_TASK INSTRUCTIONS_
Return all the data exactly, keeping the pictures out.
● ● ● ● ●
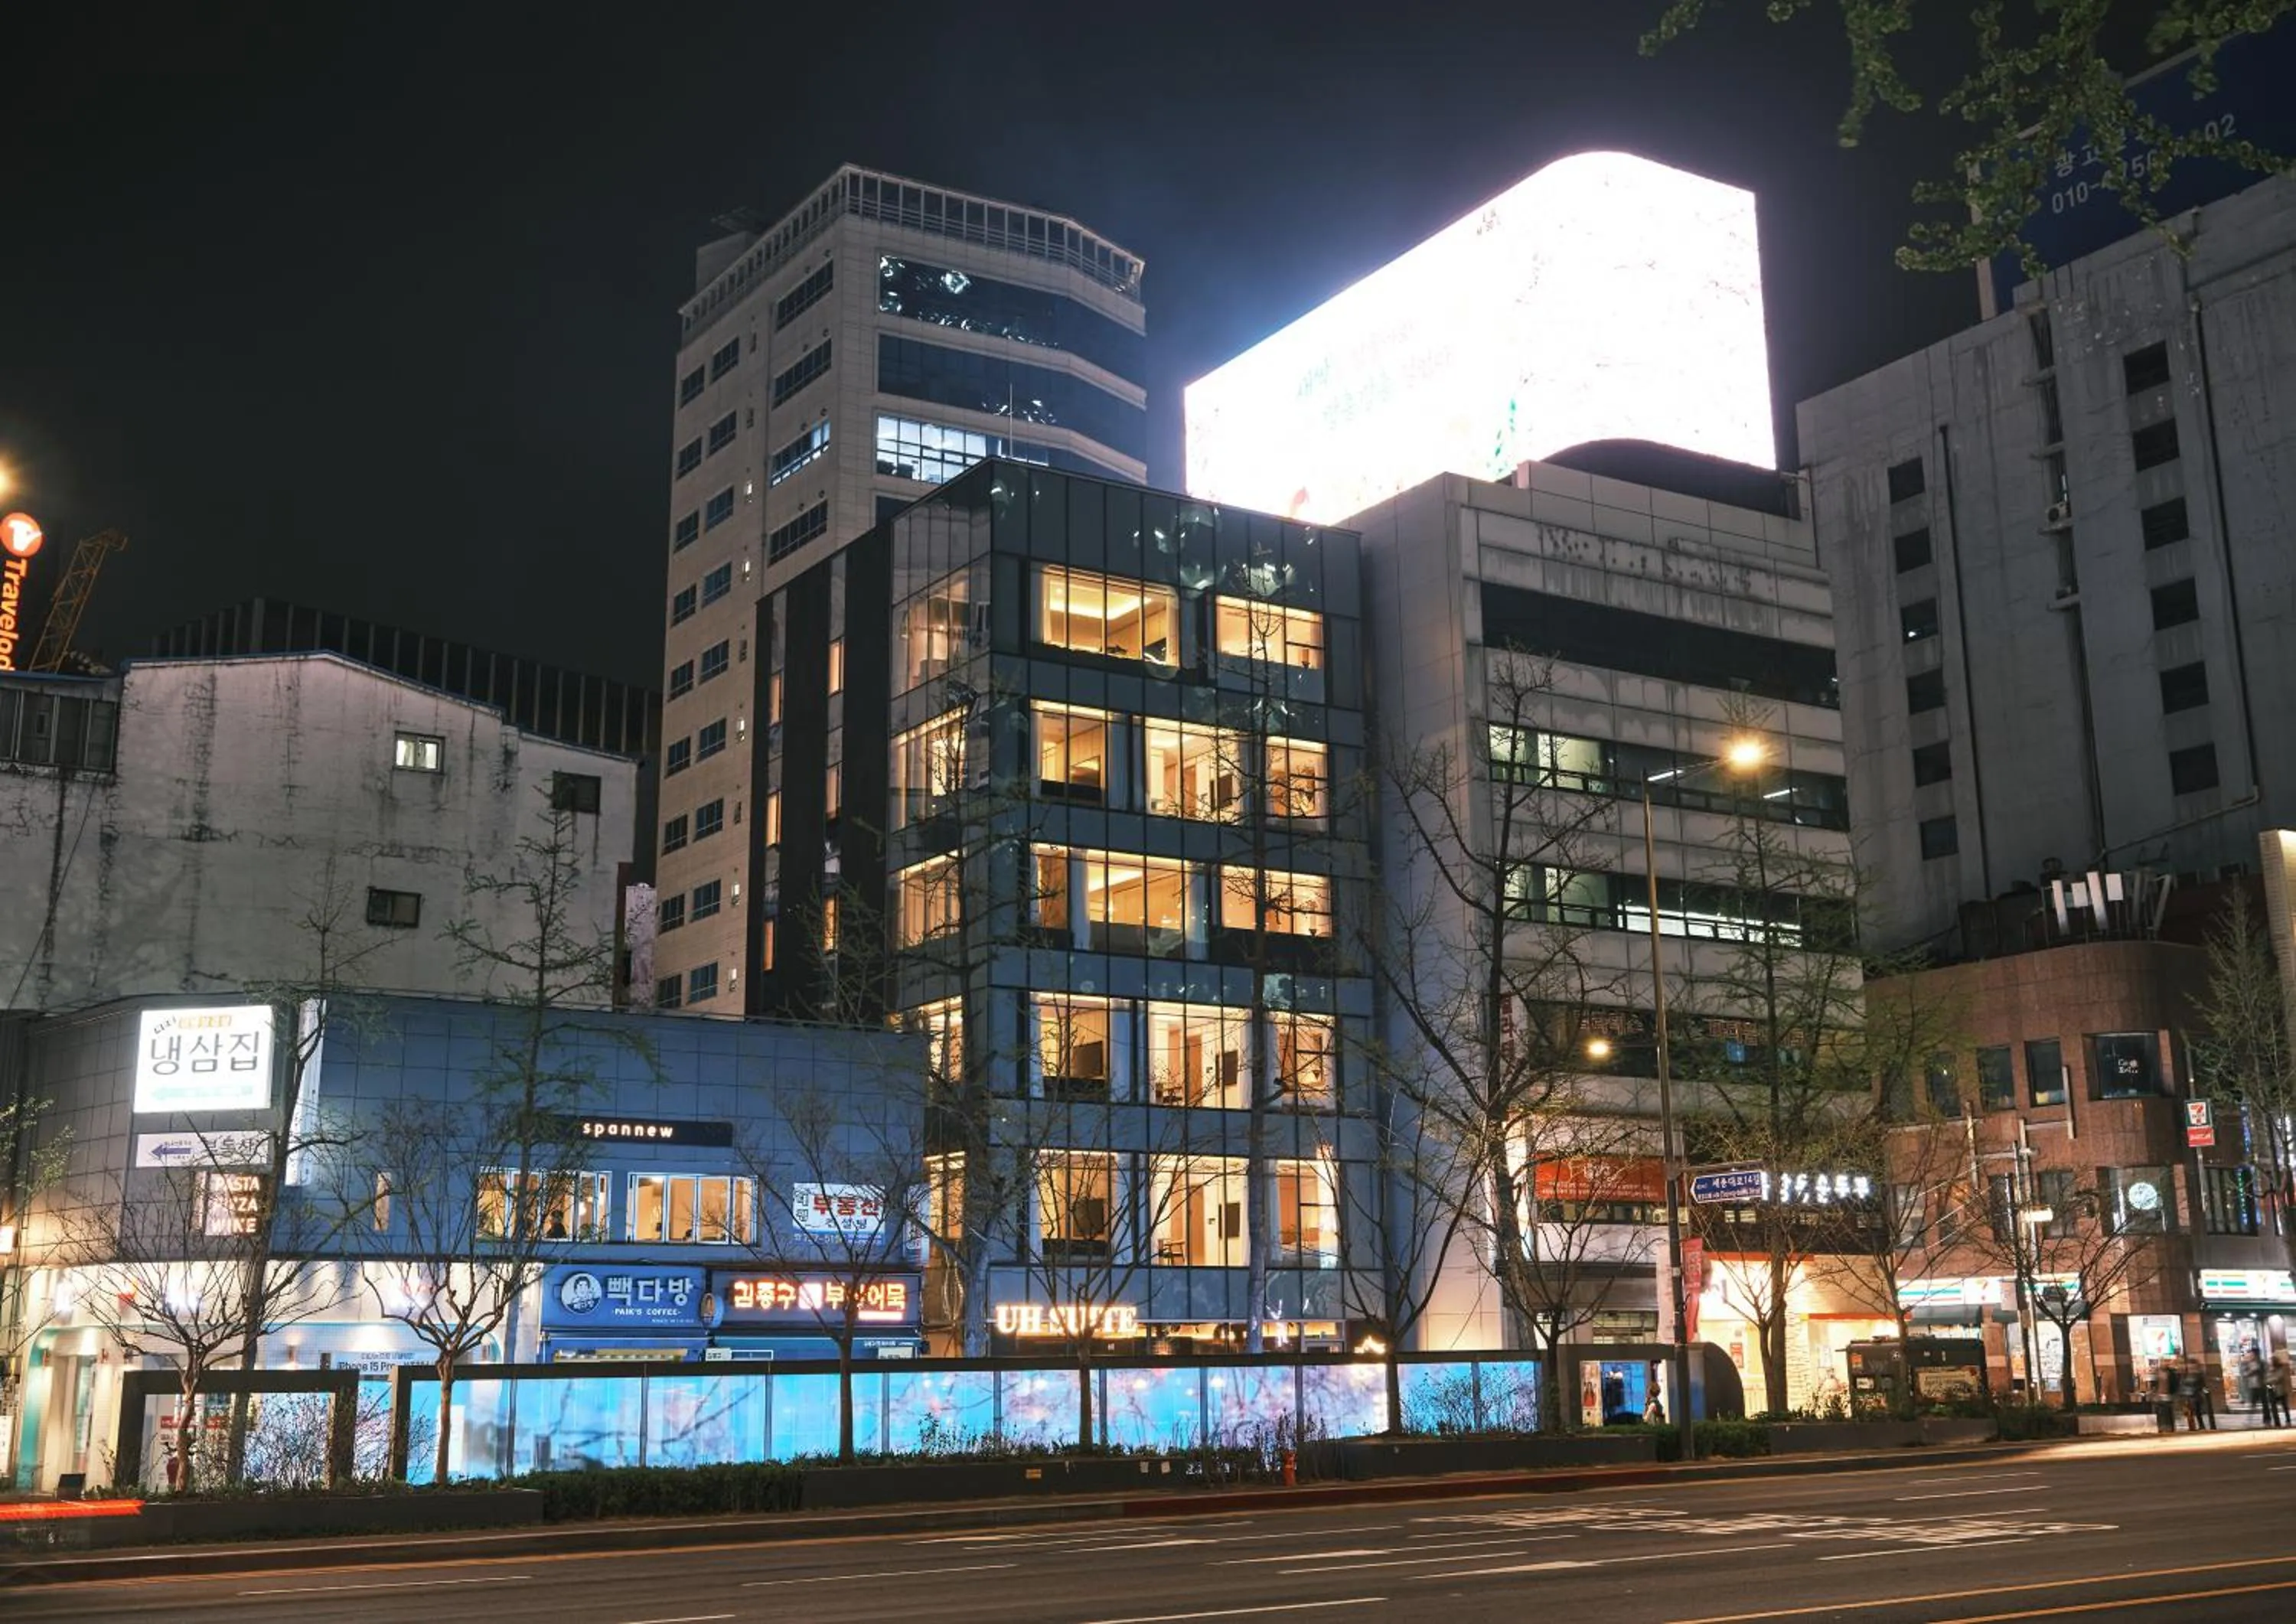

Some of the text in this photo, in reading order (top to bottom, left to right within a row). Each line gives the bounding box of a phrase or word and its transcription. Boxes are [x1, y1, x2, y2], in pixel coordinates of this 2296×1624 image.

[150, 1031, 260, 1075] 냉삼집
[582, 1123, 673, 1138] spannew
[813, 1195, 879, 1217] 부동산
[607, 1277, 694, 1306] 빽다방
[732, 1280, 797, 1310] 김종구
[995, 1304, 1043, 1334] UH
● ● ● ● ●
_OUTPUT FOR THIS TASK_
Some of the text in this photo, in reading order (top to bottom, left to right within a row). Each line gives the bounding box of a phrase or word and its transcription. Boxes are [x1, y1, x2, y2], in pixel coordinates of this 2296×1624 image.

[150, 1031, 260, 1075] 냉삼집
[582, 1123, 673, 1138] spannew
[813, 1195, 879, 1217] 부동산
[607, 1277, 694, 1306] 빽다방
[732, 1280, 797, 1310] 김종구
[995, 1304, 1043, 1334] UH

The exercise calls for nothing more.